To test it you can use the following curl command. It should return the IP of the OpenVPN server network in json-format.
curl --socks5 127.0.0.1:1080 -s https://wtfismyip.com/json
Starting the docker container programmatically
I have the start command, the one I mentioned above. It works well in starting the container. Just use Golang’s os/exec
library. The issue I had was with stopping. The context.Context passed into cmd.CommandContext did not stop the container correctly. The reason is that the docker
program starts a new process, which then communicates with the docker daemon. But on cancelling the passed-in context only the parent docker-program gets killed, but not its children.
I tried some workarounds like killing the whole process group like mentioned here, but that did not work either. the docker daemon does not reliably stop the container once the docker client process tree gets killed. So in the end I replaced the ctx passed into cmd.CommandContext
with waiting on Done myself, and then calling docker stop openvpn-client
.
go func() {
<-outsideCtx.Done()
klog.V(5).InfoS("Stopping docker container",
"container_name", containerName,
)
err := r.RunE(context.Background(),
dash.TemplateSplitExpand(
`docker stop {{.}}`,
containerName,
),
)
if err != nil {
klog.ErrorS(err, "failed to stop docker container with docker stop",
"container_name", containerName,
)
return
}
klog.V(5).InfoS("Stopped docker container",
"container_name", containerName,
)
// Cancel the context used by docker run so we kill it if the prior
// stop didn't work. It won't be sucessful if the container didn't
// stop but let's give it the best effort.
cancel()
}()
Also note to future self: Do not try to kill sudo-programs. cancel()

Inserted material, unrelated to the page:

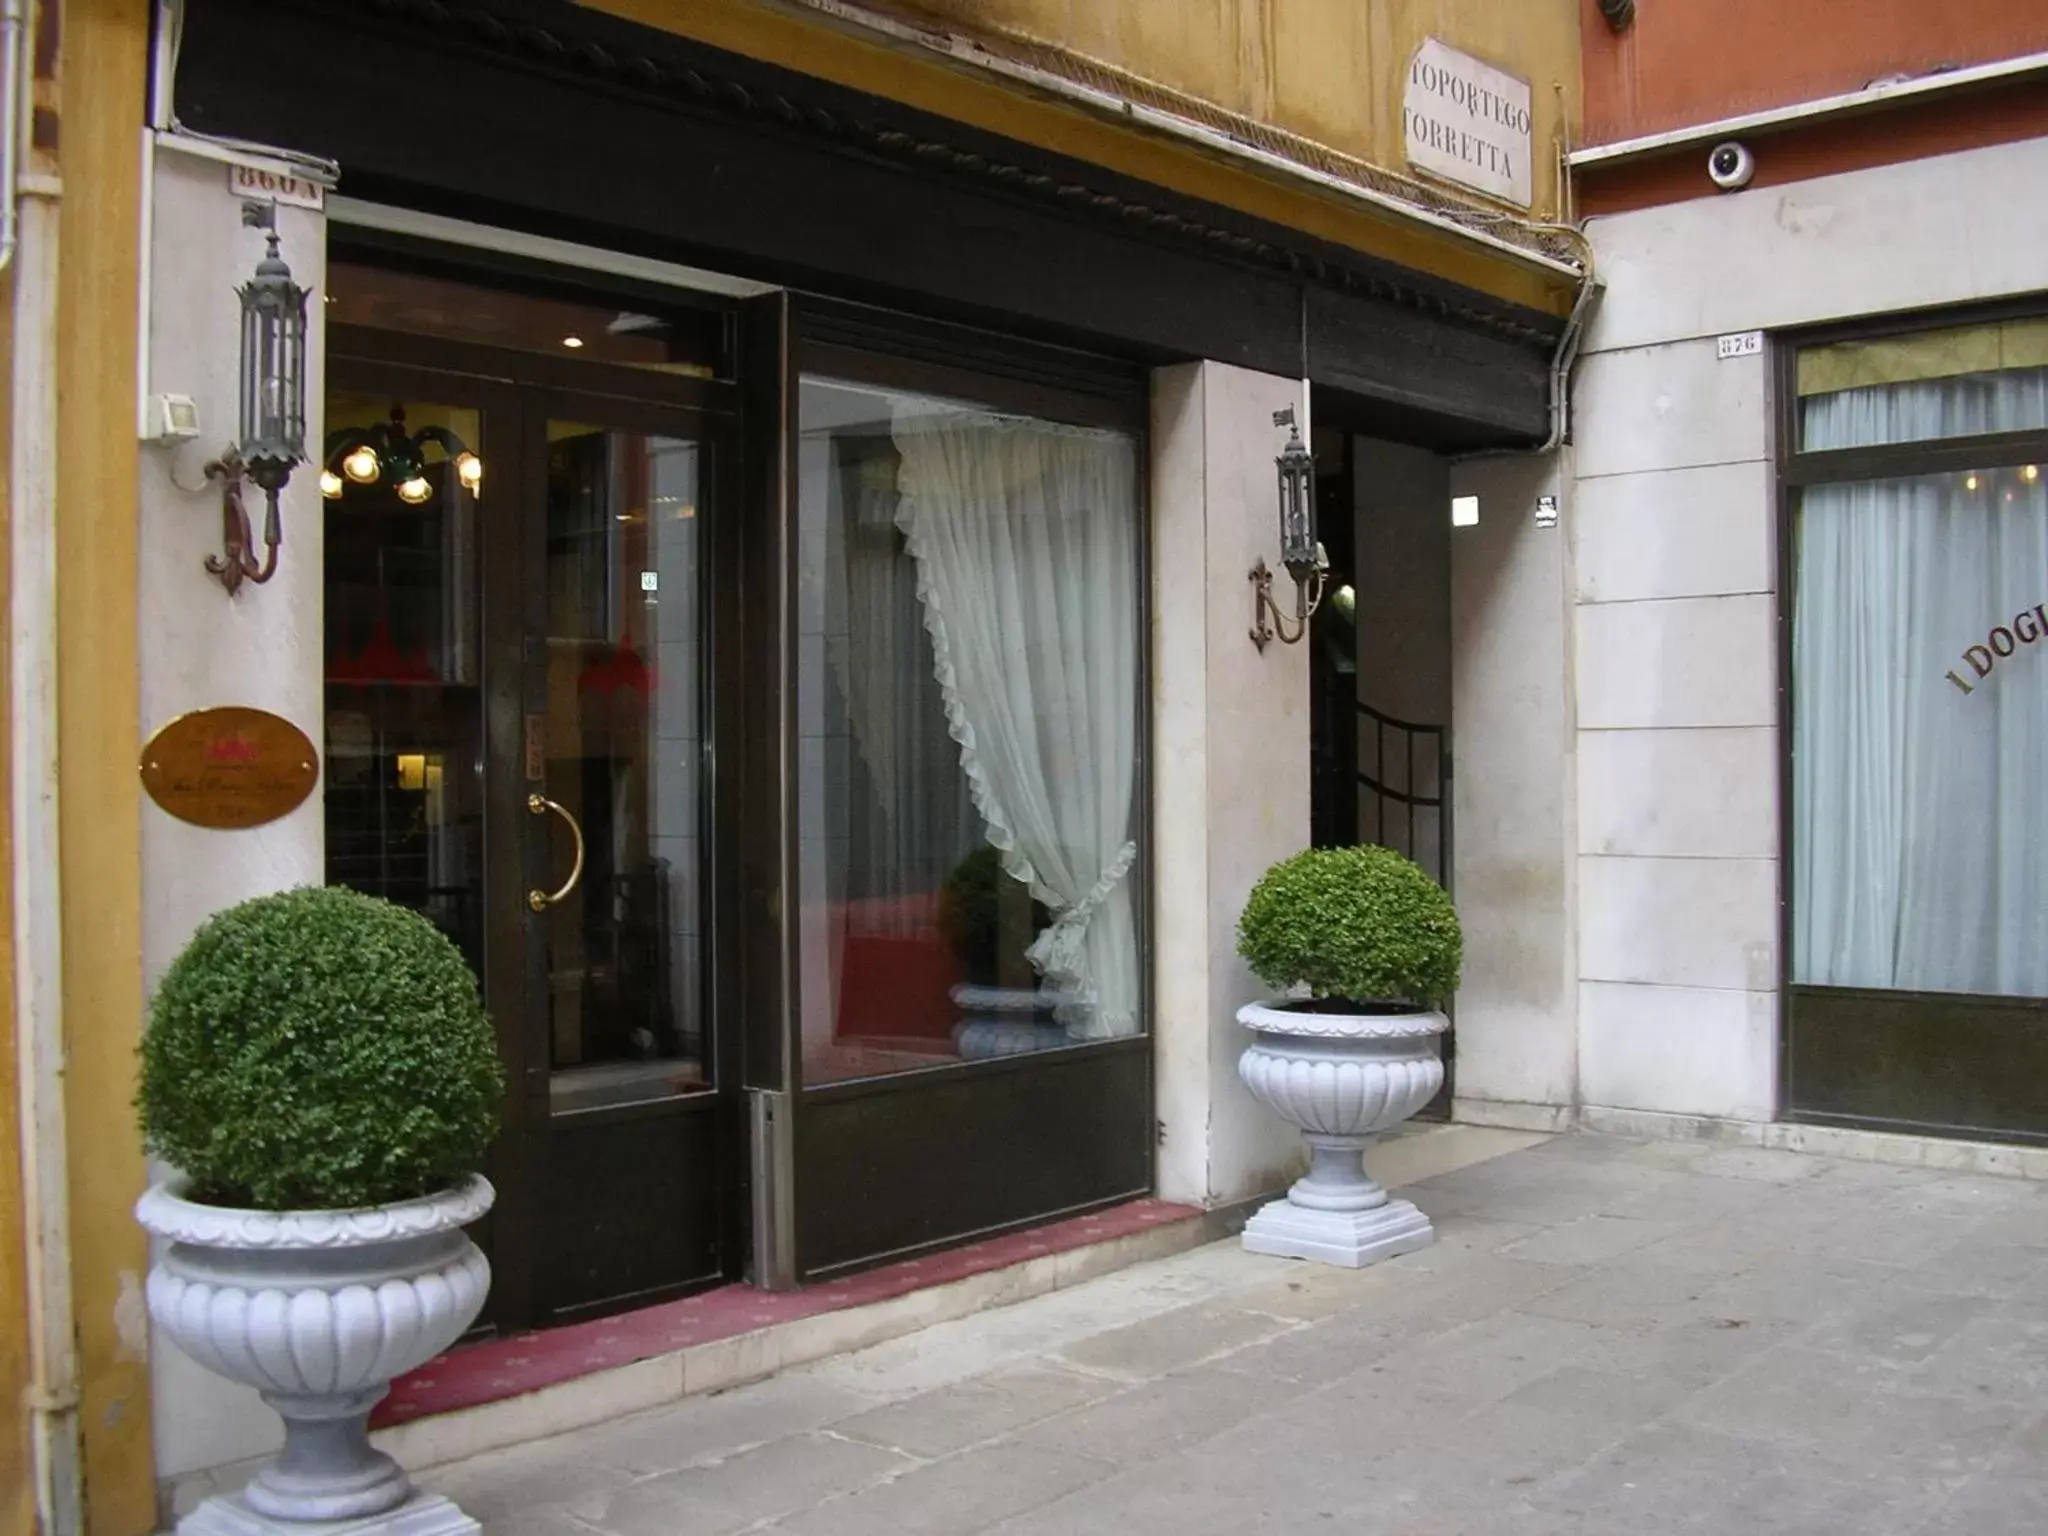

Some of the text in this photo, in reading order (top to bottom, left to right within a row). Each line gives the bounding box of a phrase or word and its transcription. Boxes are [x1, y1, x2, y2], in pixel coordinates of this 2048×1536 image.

[1721, 336, 1755, 353] 876
[1944, 603, 2048, 695] I DOGI
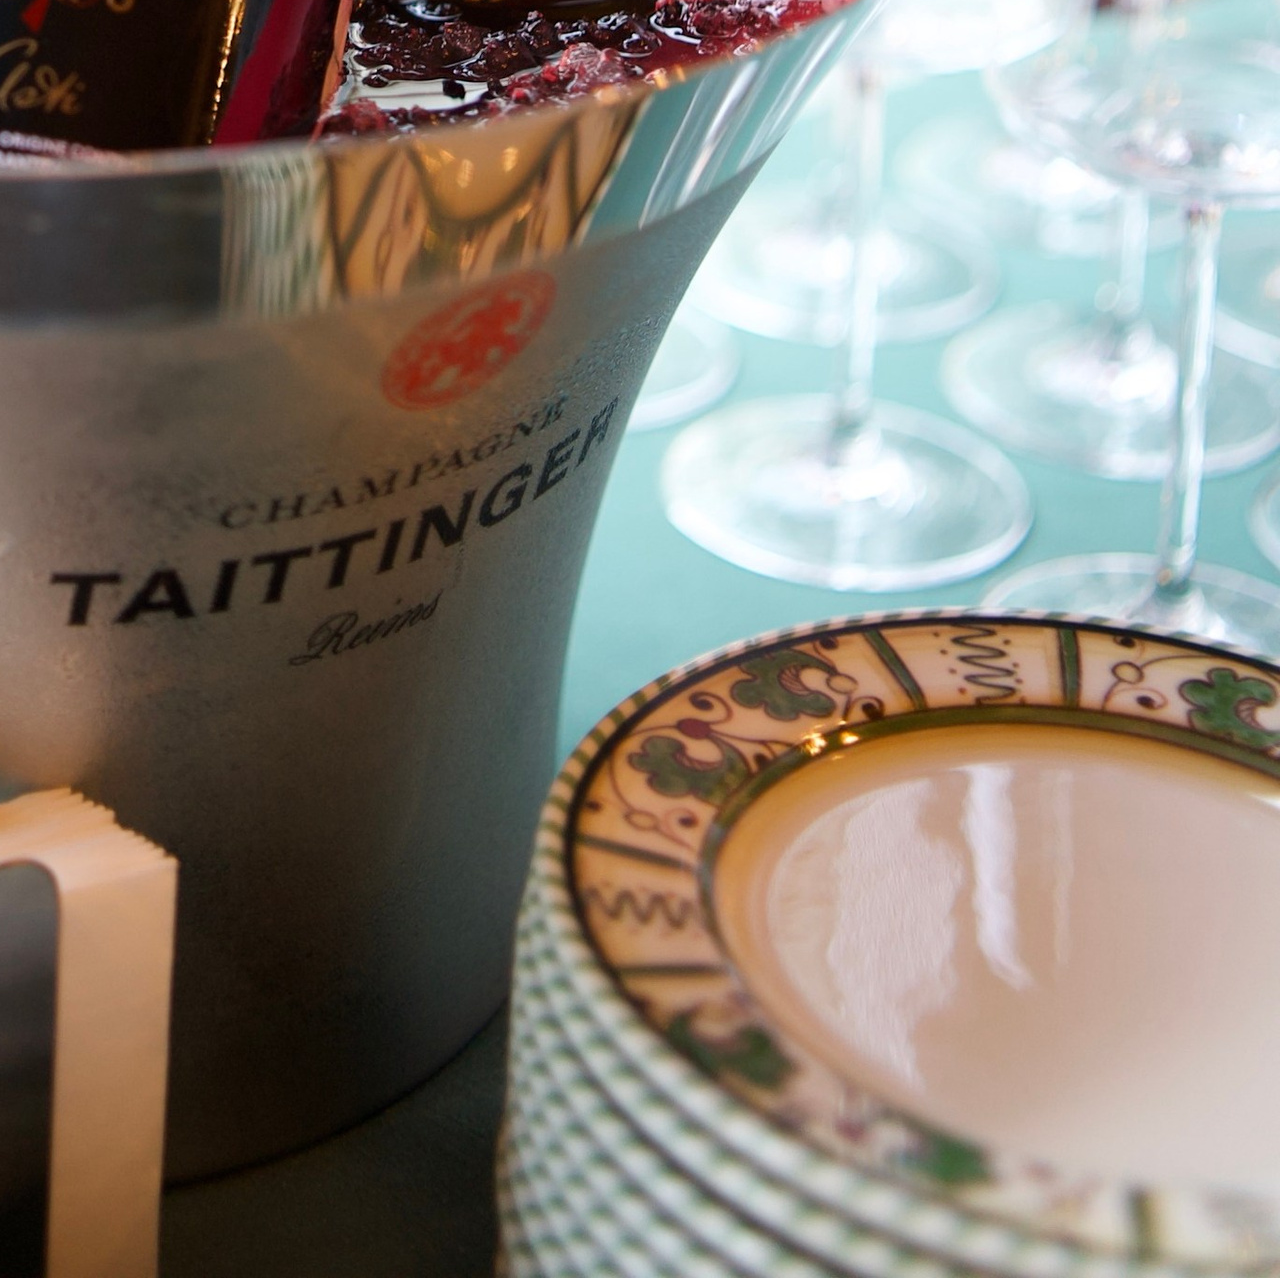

does not work at all and fails silently. Explicit cmd.Process.Kill()
and similar kill calls return operation not permitted
. Try to avoid sudo at all costs, which is possible with docker here.
Using the started docker socks proxy in Go
The following code snippet contains the relevant parts. Credit to Stackoverflow and this Go Playground for showing how it works with Go. Note: There are also other ways to set a proxy, like with HTTP_PROXY
shown in an answer in the first link.
dialSocksProxy, err := proxy.SOCKS5("tcp", proxyAddress, nil, proxy.Direct)
if err != nil {
return nil, err
}
dialContext := func(ctx context.Context, network, address string) (net.Conn, error) {
return dialSocksProxy.DialContext(ctx, network, address)
}
tr := &http.Transport{
DialContext: dialContext,
TLSClientConfig: &tls.Config{InsecureSkipVerify: false},
DisableKeepAlives: true,
}
klog.V(5).InfoS("Created myhttp client using socks5 proxy url",
"proxy_url", proxyAddress,
)
client := &http.Client{
Transport: tr,
}
// Use client to make http requests.
//
// NOTE: http.Get does not use this client, so that WON'T BE REDIRECTED THROUGH THE SOCKS-PROXY.